Outrage over culture caricatures spiked this year over everything from supermodels in Native American headdresses to sports team names. Movies and music were a popular battleground for the blame game.
Although those calling out cultural appropriation insist there are ways to borrow from cultures without appropriating them, it seems nearly impossible to do so and remain respectful under their terms. Imitation is no longer flattery, and we are no longer allowed to have fun with other cultures for fear of offending them.
The Washington Post and New York Times kept the ball in the air this year as criticism mounted against those accused of imitating cultures disrespectfully. The Post mentioned cultural appropriation 84 times so far in 2015-16 while the Times brought it up 41 times.
The media bashed at least nine movies and songs in 2015 and 2016 alone.
- Actress Zoe Saldana fell on the wrong side of the debate when she was cast as musician and civil rights activist Nina Simone. Saldana apparently did not have black enough features to be cast as Simone.
- Amy Schumer came under fire for her rap music video “Milk, Milk, Lemonade” which made fun of black women’s bodies, critics said.
- Emma Stone drew the ire of the media when she played a Hawaiian, Asian, but mostly Swedish character in “Aloha.” Slate called her a “a preposterous casting choice” even though both the actress and character were mostly white. Stone later apologized for the role.
- Marvel’s 2015 hip-hop comic book covers annoyed some who accused the comic empire of appropriating black culture. Marvel was trying to “cash in” on hip-hop culture all while excluding those who built it, they said.
- Marvel messed up again with “Dr. Strange” due to be released in November. The white actress Tilda Swinton plays a Tibetan monk, again appropriating Asian culture.
- Coldplay and Beyonce were criticized for flippantly portraying Indian culture as an “exotic playground” in the music video for “Hymn for the Weekend.”
- Major Lazer, DJ Snake and Ma Head to India were also accused of parodying India in their music video for “Lean On.”
- Scarlett Johansson got into hot water in April for her role as the Asian Major Motoko Kusanagi in the Anime film “Ghost in the Shell.” Asian actors have a tough enough time finding roles without handing them to Johansson, said some in the media.
- However, music legend Daryl Hall of Hall and Oates had strong words for those accusing him and others of appropriating music styles.

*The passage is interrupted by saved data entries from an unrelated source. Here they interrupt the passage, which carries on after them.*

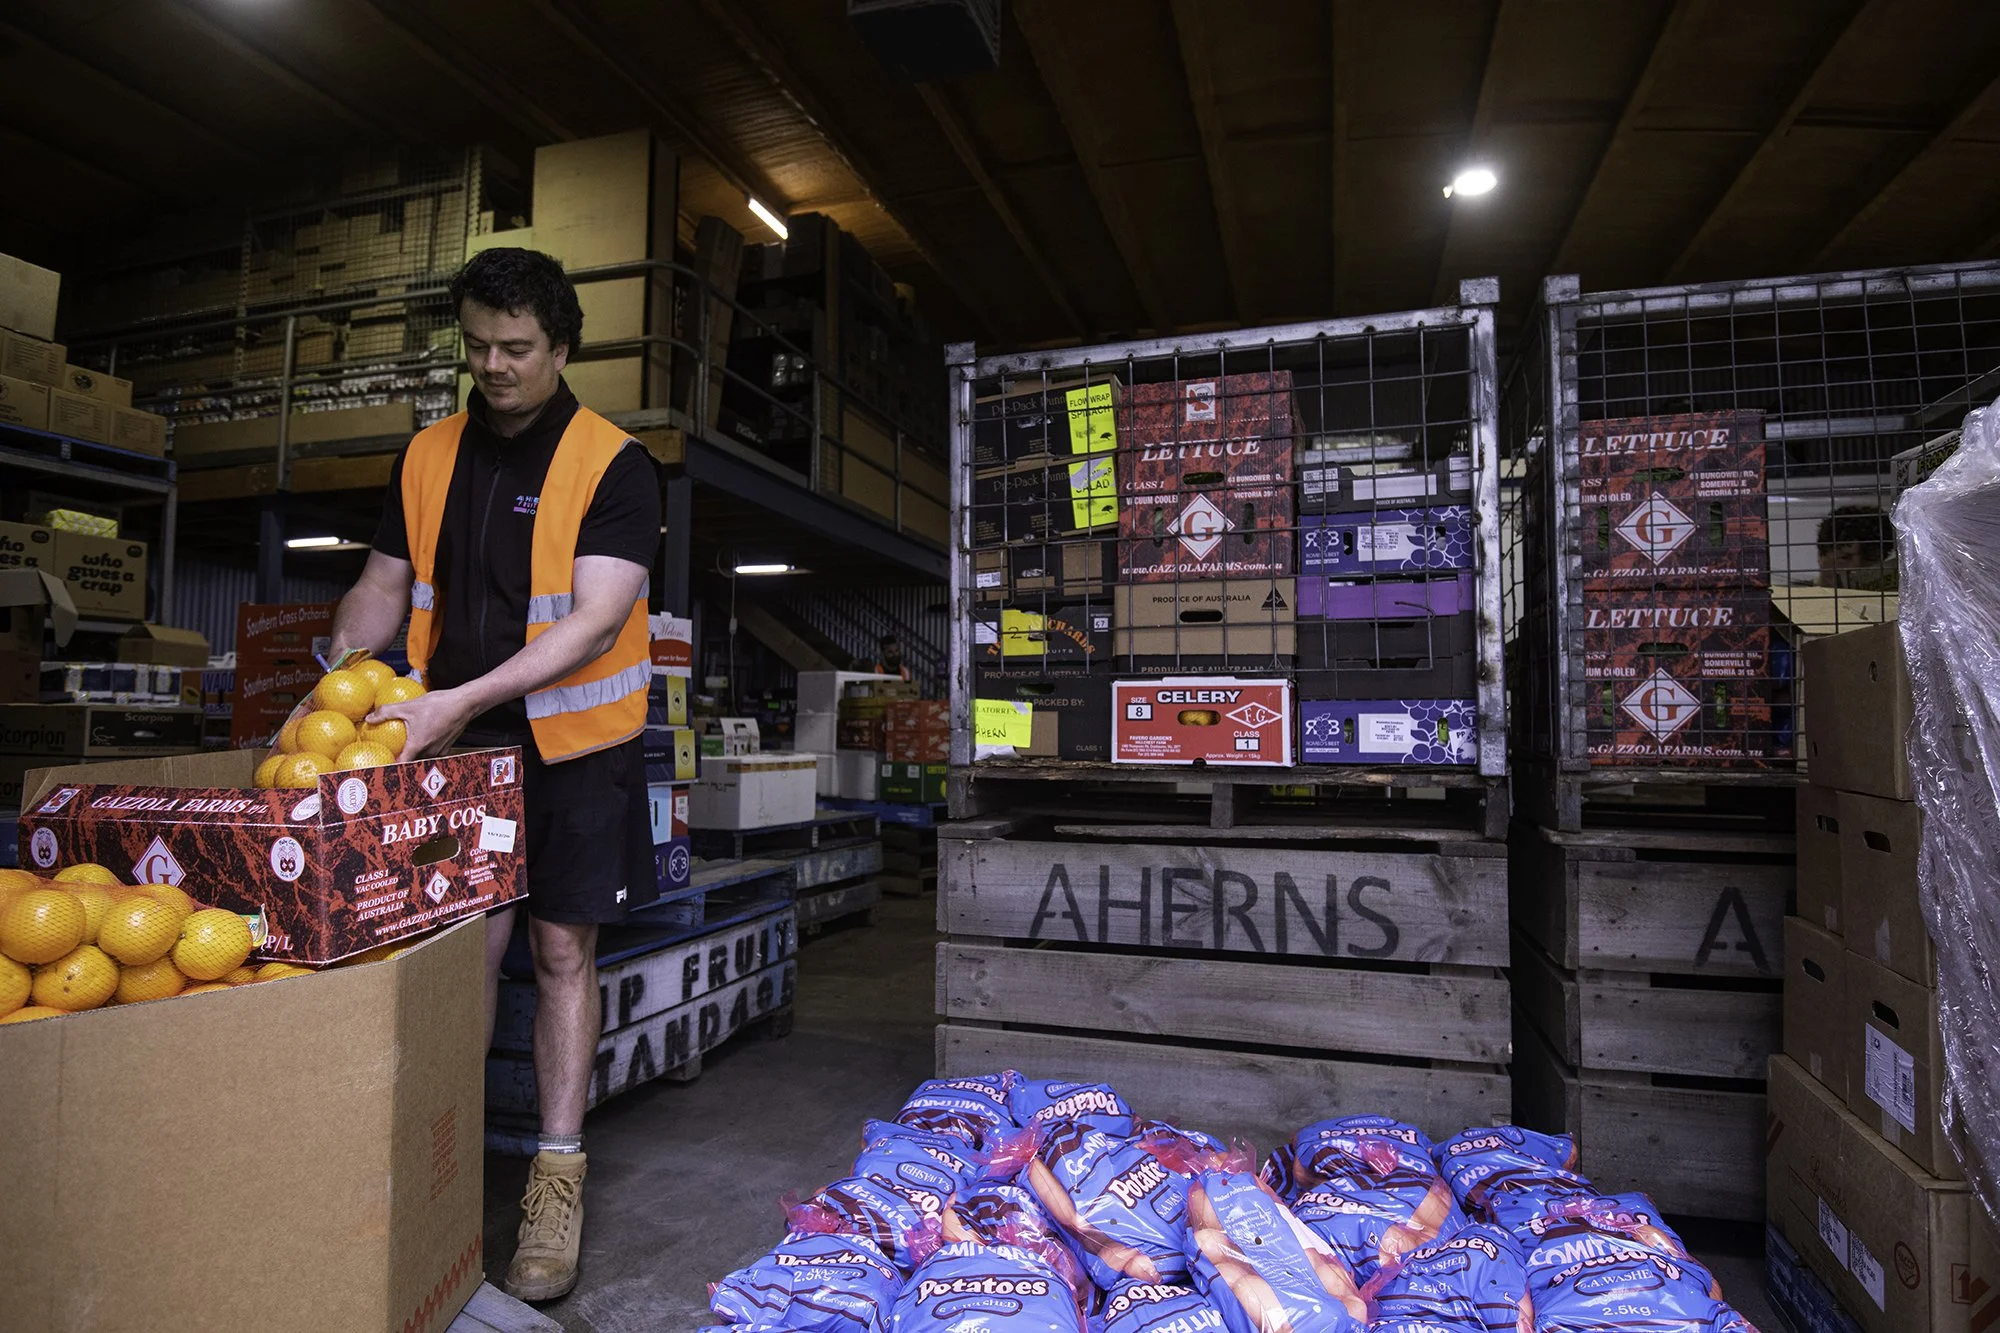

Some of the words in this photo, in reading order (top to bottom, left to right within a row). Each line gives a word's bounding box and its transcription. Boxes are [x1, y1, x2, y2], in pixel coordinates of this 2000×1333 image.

[1069, 399, 1088, 407] FLOW
[1090, 393, 1111, 403] WRAP
[1142, 435, 1261, 462] LETTUCE
[1582, 428, 1730, 457] LETTUCE
[1582, 478, 1602, 487] ASS
[1700, 480, 1747, 488] SOMERVILE
[1234, 491, 1262, 499] VICTORIA
[1698, 489, 1732, 497] VICTORIA
[1184, 510, 1217, 543] G
[1635, 510, 1677, 545] G
[0, 535, 24, 552] ho
[82, 552, 122, 568] who
[67, 566, 120, 581] gives
[123, 572, 134, 582] a
[81, 580, 122, 597] crap
[246, 612, 278, 638] Southern
[279, 609, 297, 626] Cross
[300, 607, 330, 623] Orchards
[1586, 607, 1733, 629] LETTUCE
[243, 674, 275, 698] Southern
[275, 671, 295, 688] Cross
[1157, 690, 1242, 703] CELERY
[1640, 687, 1681, 721] G
[124, 712, 174, 724] Scorpion
[1135, 707, 1143, 717] 8
[1245, 740, 1250, 749] 1
[1226, 752, 1243, 760] Weight
[428, 774, 441, 792] G
[91, 796, 177, 812] GAZZOLA
[178, 799, 251, 814] FARMS
[382, 814, 443, 845] BABY
[449, 805, 487, 831] COS
[146, 855, 172, 886] G
[355, 872, 382, 885] CLASS
[383, 870, 389, 878] 1
[355, 885, 369, 894] VAC
[369, 876, 399, 892] COOLED
[432, 879, 444, 896] G
[356, 893, 396, 911] PRODUCT
[397, 889, 409, 900] OF
[357, 901, 405, 922] AUSTRALIA
[375, 893, 494, 937] www.GAZZOLAFARMS.com.au
[1029, 863, 1401, 958] AHERNS
[265, 936, 294, 951] P/L
[682, 917, 796, 1000] FRUIT
[1036, 1091, 1120, 1121] Potatoes
[1319, 1127, 1419, 1146] Potatoes
[916, 1276, 1048, 1306] Potatoes
[1603, 1305, 1651, 1317] 2.5kg

“Are you trying to say that I don’t own the style of music that I grew up with and sing?” the rock star asked Salon in an interview. “I grew up with this music. It is not about being black or white. That is the most naïve attitude I’ve ever heard in my life. That is so far in the past, I hope, for everyone’s sake. It isn’t even an issue to discuss. The music that you listened to when you grew up is your music. It has nothing to do with 'cultural appropriation.”

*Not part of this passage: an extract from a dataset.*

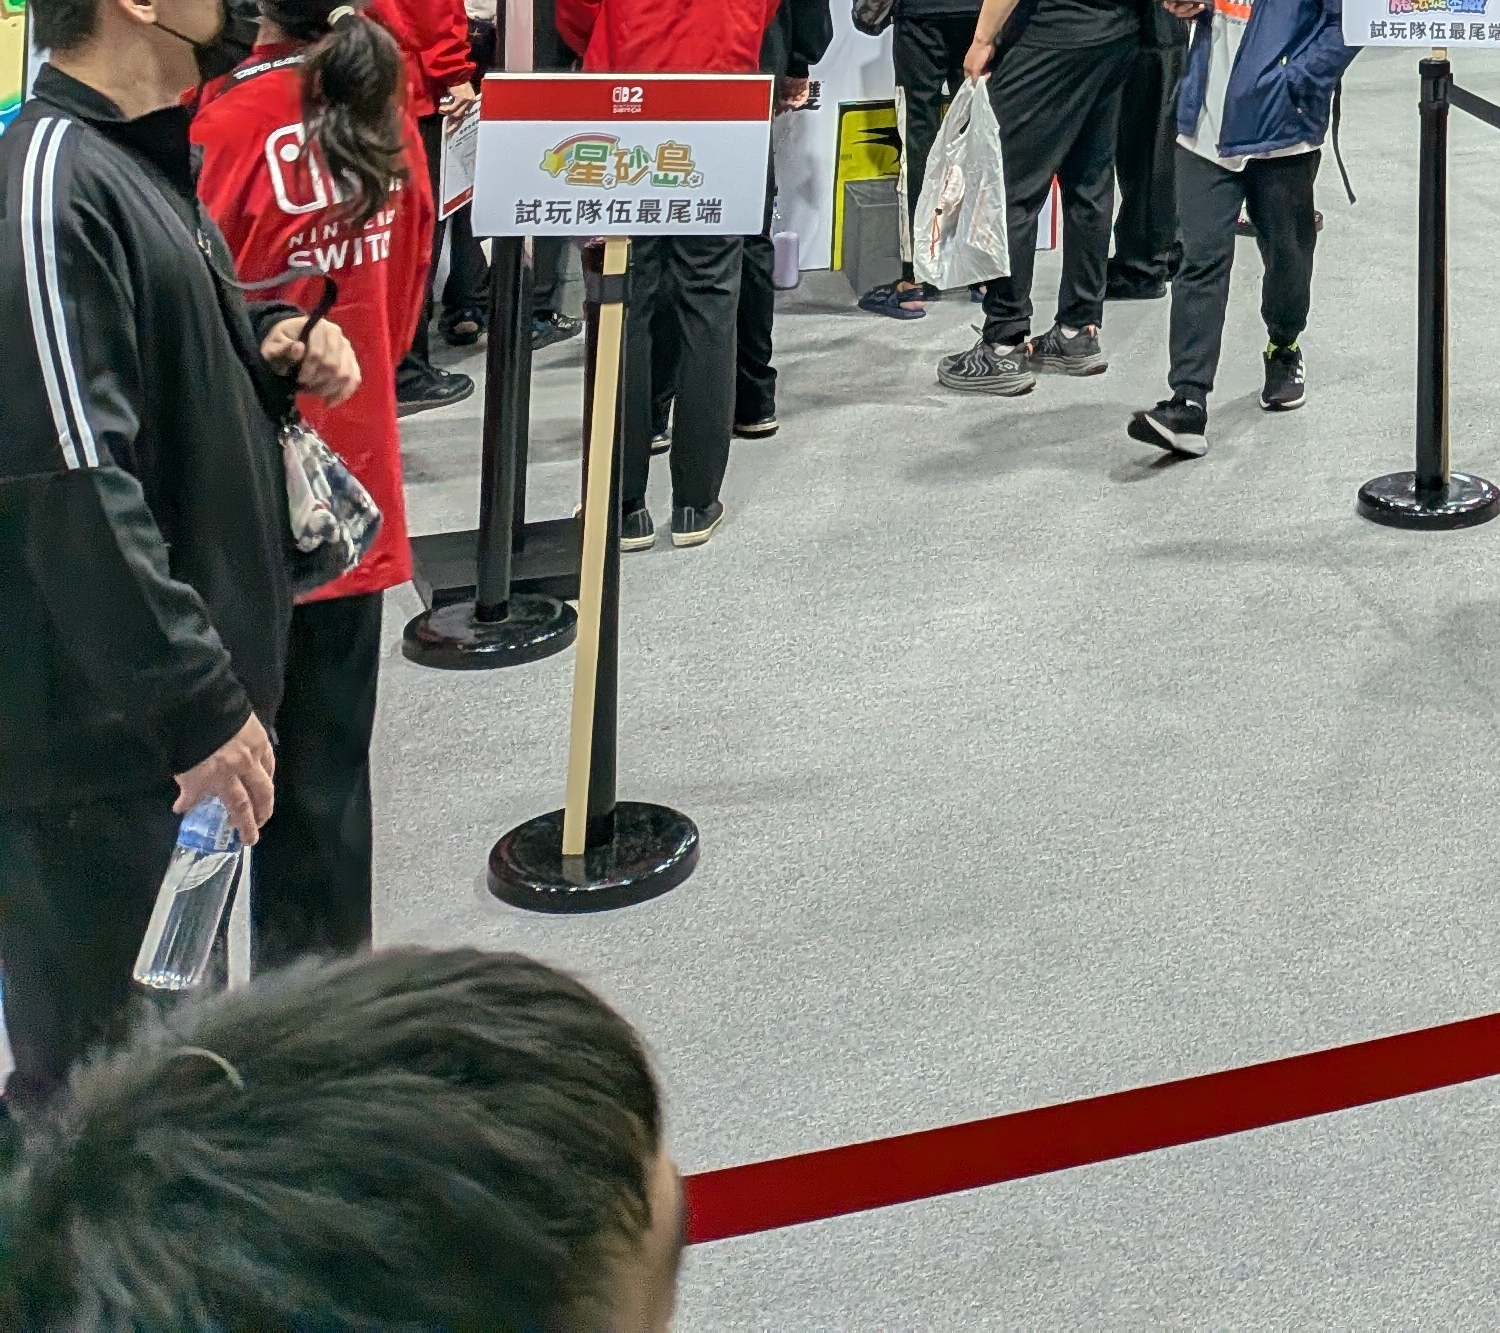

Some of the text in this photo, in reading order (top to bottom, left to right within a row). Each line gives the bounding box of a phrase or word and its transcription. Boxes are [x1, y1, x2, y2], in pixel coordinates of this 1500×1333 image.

[630, 86, 643, 103] 2
[566, 140, 696, 187] 星砂島
[515, 197, 723, 225] 試玩隊伍最尾端

“Anyone who says that should shut the f**k up,” Hall added.
Hall said he was not even sure who was critiquing him for "appropriating" soul music. “Who do they write for? What are their credentials to give an opinion like that?” he asked.
American culture is a melting pot, said the singer. “It isn’t split up into groups. Anyone who says otherwise is a fool – worse than a fool – a dangerous fool.”